Летние каникулы
На стене – отрывной календарь на забытый год
и ковёр с чередой вечнозелёных гор,
где младую черкешенку тащит куда-то дикий
чёрный всадник, небритый, с красивым и злым лицом –
идеальный пример, как легко отличать подлецов
от хороших мальчиков, дарящих торт и гвоздики.
Дикаря бесполезно учить и любить – беда,
надо быть сильней и смеяться над ним, когда
тёмный взгляд и тянет и бесит тебя до дрожи.
Ненавижу манеру всё превращать в игру,
ненавижу наглый прищур и девиц вокруг –
пропади ты пропадом, столько вокруг хороших!
Иногда доносятся вести издалека –
куролесит где-то бессовестный злой дикарь,
покоряет черкешенок в разных далёких странах.
Не уходит, подлец, из памяти столько лет.

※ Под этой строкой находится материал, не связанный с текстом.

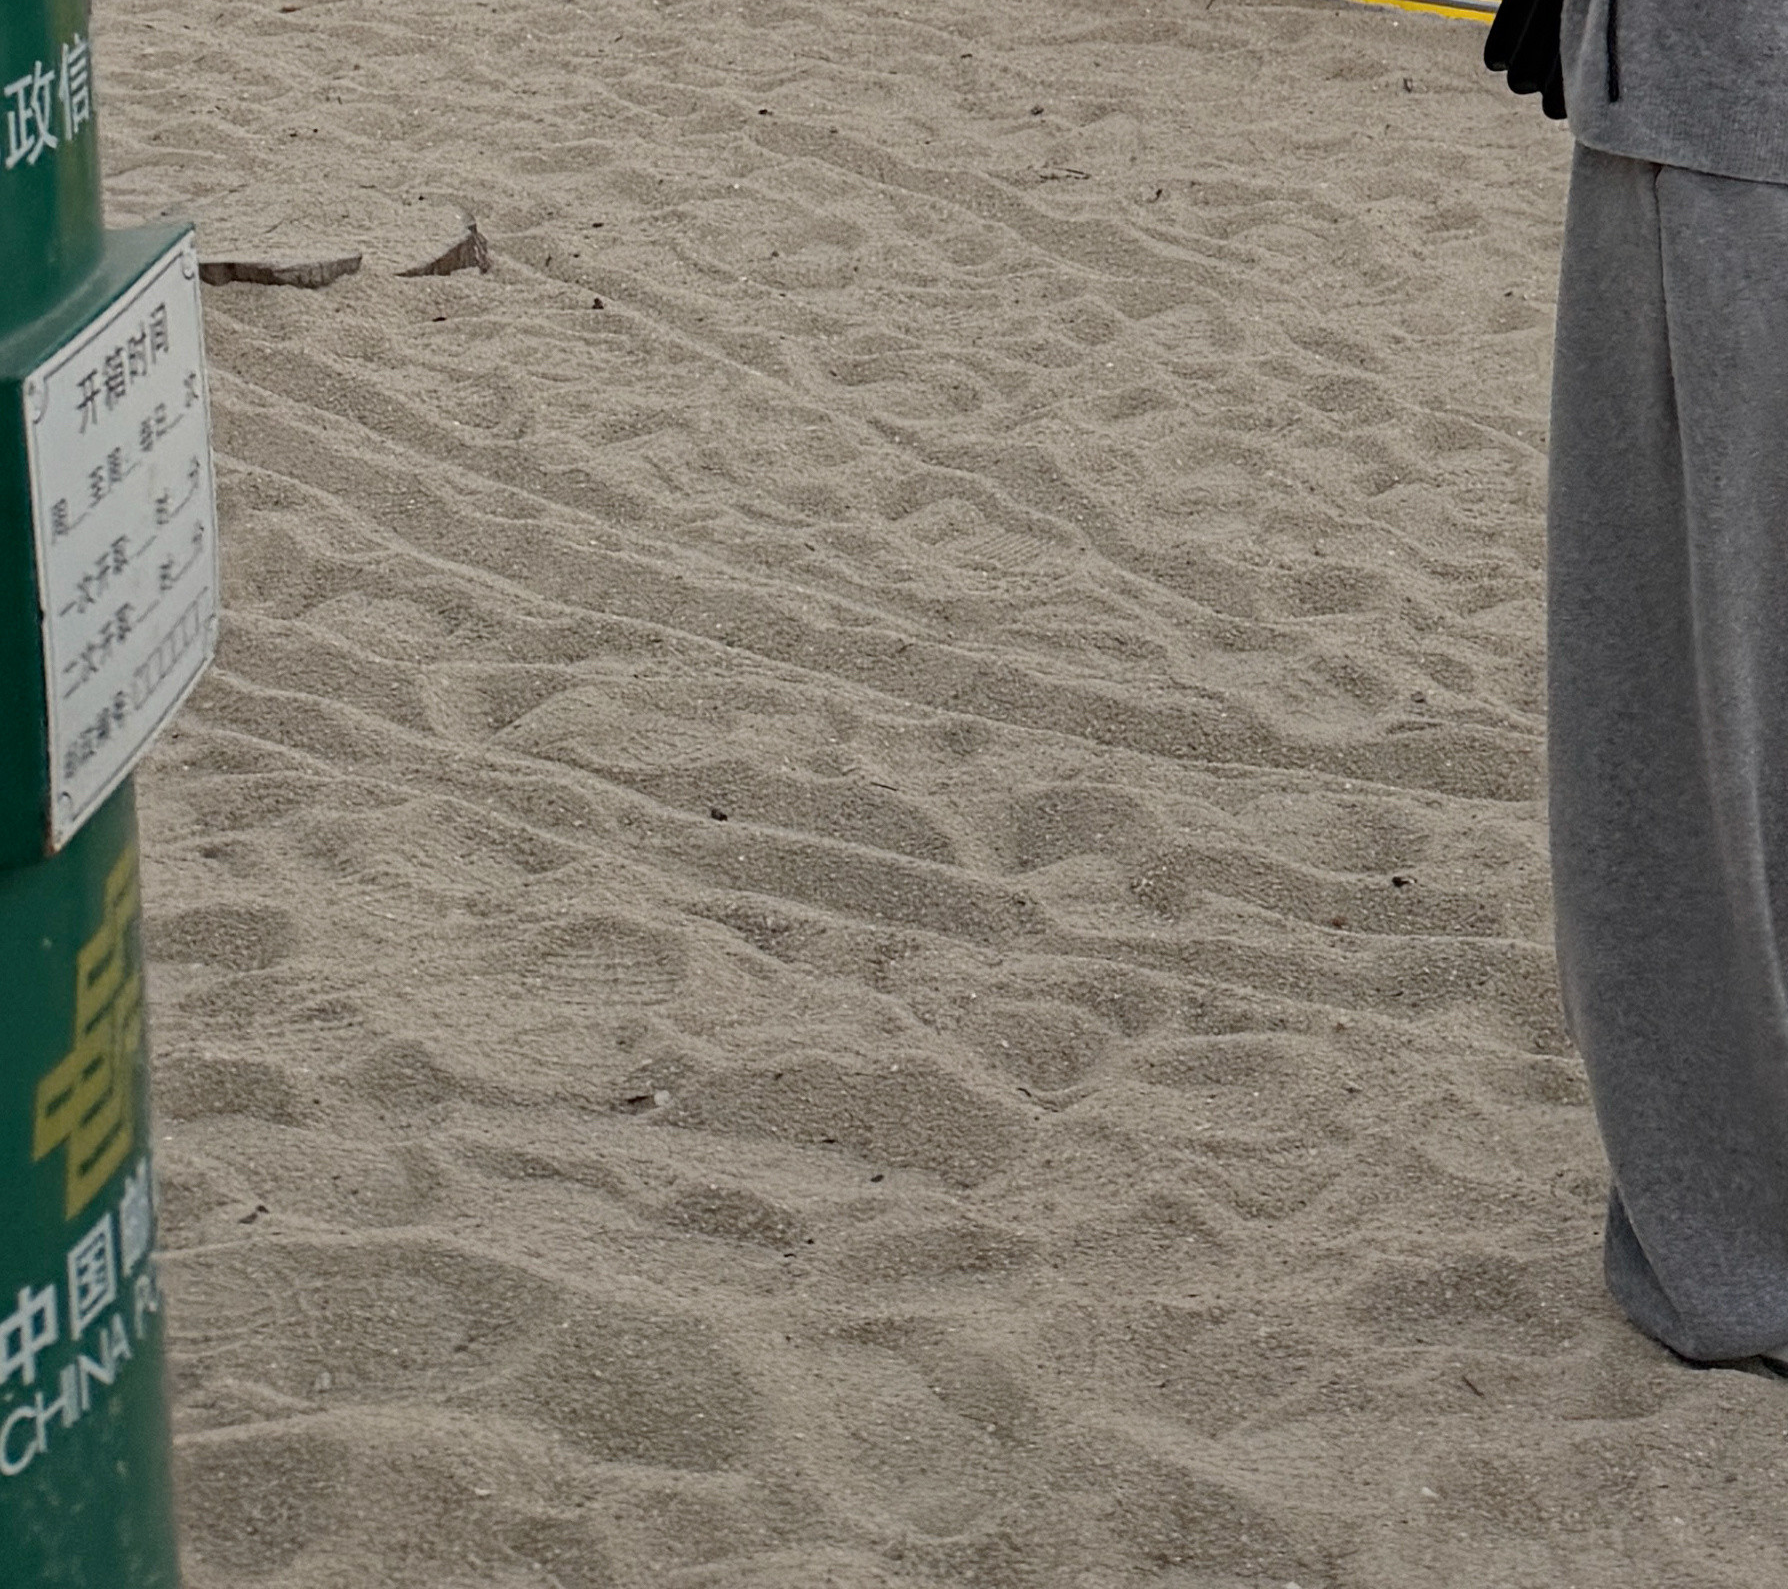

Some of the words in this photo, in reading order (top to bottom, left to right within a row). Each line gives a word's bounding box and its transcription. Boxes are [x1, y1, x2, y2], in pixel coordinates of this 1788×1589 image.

А хорошие мальчики тихо лежат в земле,
или пропали в другой, обетованной.
Странник
Он не предсказан вестником,
в молитвах не нуждается,
завистников не нажито -
под ритм из-под копыт
поёт тихонько песенку:
всё впереди у каждого,
рабами не рождаются,
свободу не купить.
Тихонько ослик топает,
бредут морями, странами,
у всадника - ни дудочки,
ни рыбин и хлебов,
за ним не ходят толпами,
не радуют осаннами,
не верят безрассудочно
и не спешат на бой.
Нет ближнего и дальнего,
в скрижали не записано,
что, если в сердце боли нет,
проблемы - в голове,
что в смерти нет предательства,
что есть любовь, нет истины.
Он не спешит на ослике
туда, где только свет.
Он убеждён, что лишними
не будут в жизни полосы
боёв и благолепия,
прощений и кострищ...
А песенку услышавший,
вдруг улыбнётся - молодость!
И спросит: "Сколько лет тебе?"
Ответит: "Тридцать три."
сбегу
…дурна глухая полночь и безглаза,
с такой не доберёмся до утра,
казавшийся так долго безопасным,
мой город в тёмном времени застрял,
часы молчат, ни шороха, ни стука,
а время, хорохорясь, не бежит,
я путаюсь в знакомых переулках,
свернувшихся от страха, как ежи,
бессонница, единственный попутчик,
не может успокоить и помочь –
и в панике цепляются колючки
кустов, дрожащих у корней домов,
сбегу к реке от душных поворотов,
смирения открытых площадей:
так хочется мне верить – ходит кто-то
невыспавшейся тенью по воде…
Разговор с Наташей о современной поэзии
Милая Наташа
с неба звёзд не хватает, но любима всеми,
и на её улыбку всегда хочется улыбнуться,
и на всех у неё хватает сил и времени,
даже когда она думает о том, что дома давно всё растаяло,
а здесь так холодно
(мы принесли ей тэн и она так ждала мая,
а теперь грустно смотрит на снежный город),
и я чувствую свою вину в том, что она замерзает,
и несу ей шоколадку и чашку чая,
чтобы увидеть, как теплеют её глаза,
и забываю всё, что хотел сказать и теряю голос,
и чувствую себя трусом
(она догадывается или знает, но не ждёт от меня разговоров
и рассказывает сама).
Говорит – мне кажется, что уже двенадцатый месяц зима,
у нас сейчас, веришь, как в сказке,
скоро город будет весь в цветах,
а у меня перед дверью маки,
и в саду невозможная красота,
мы ведь хорошо жили, счастливо:
свой дом,
две квартиры, обставленные от и до,
чтобы сыну было с чего начать, и
такая зарплата, что здесь и не снилась,
и машин было три,
всё пропало, когда бежали...
Она чувствует, что я растерян и не знаю, что говорить,
и добавляет –
донецких, конечно, жалко.
А контрамоция обязательно должна быть непрерывной? ©
В истории – контрамоция и нездоровая суета
в полночь перестроившихся мгновений:
по непроверенным сведениям – где-то там
кто-то тычет палочкой в муравейник.
Изнемогая от нетерпения и вселенской любви,
рассчитывает, в прошлое проникая,
сколько бабочек надо ещё убить,
чтобы Авелю не позавидовал Каин.
Если, истончаясь, рвётся памяти нить –
это мы свихнулись или прозрели?
Эй, меня подождите, я тоже готов оценить
геноцид насекомых ради великих целей.
Снова полночь, кто-то выбрался в палеолит:
топчет землю самозабвенно и пылко –
и вот уже то, что помнили и берегли,
вызывает праведный гнев и ухмылки.
Кто-то прихлопнул жука – и рушатся города...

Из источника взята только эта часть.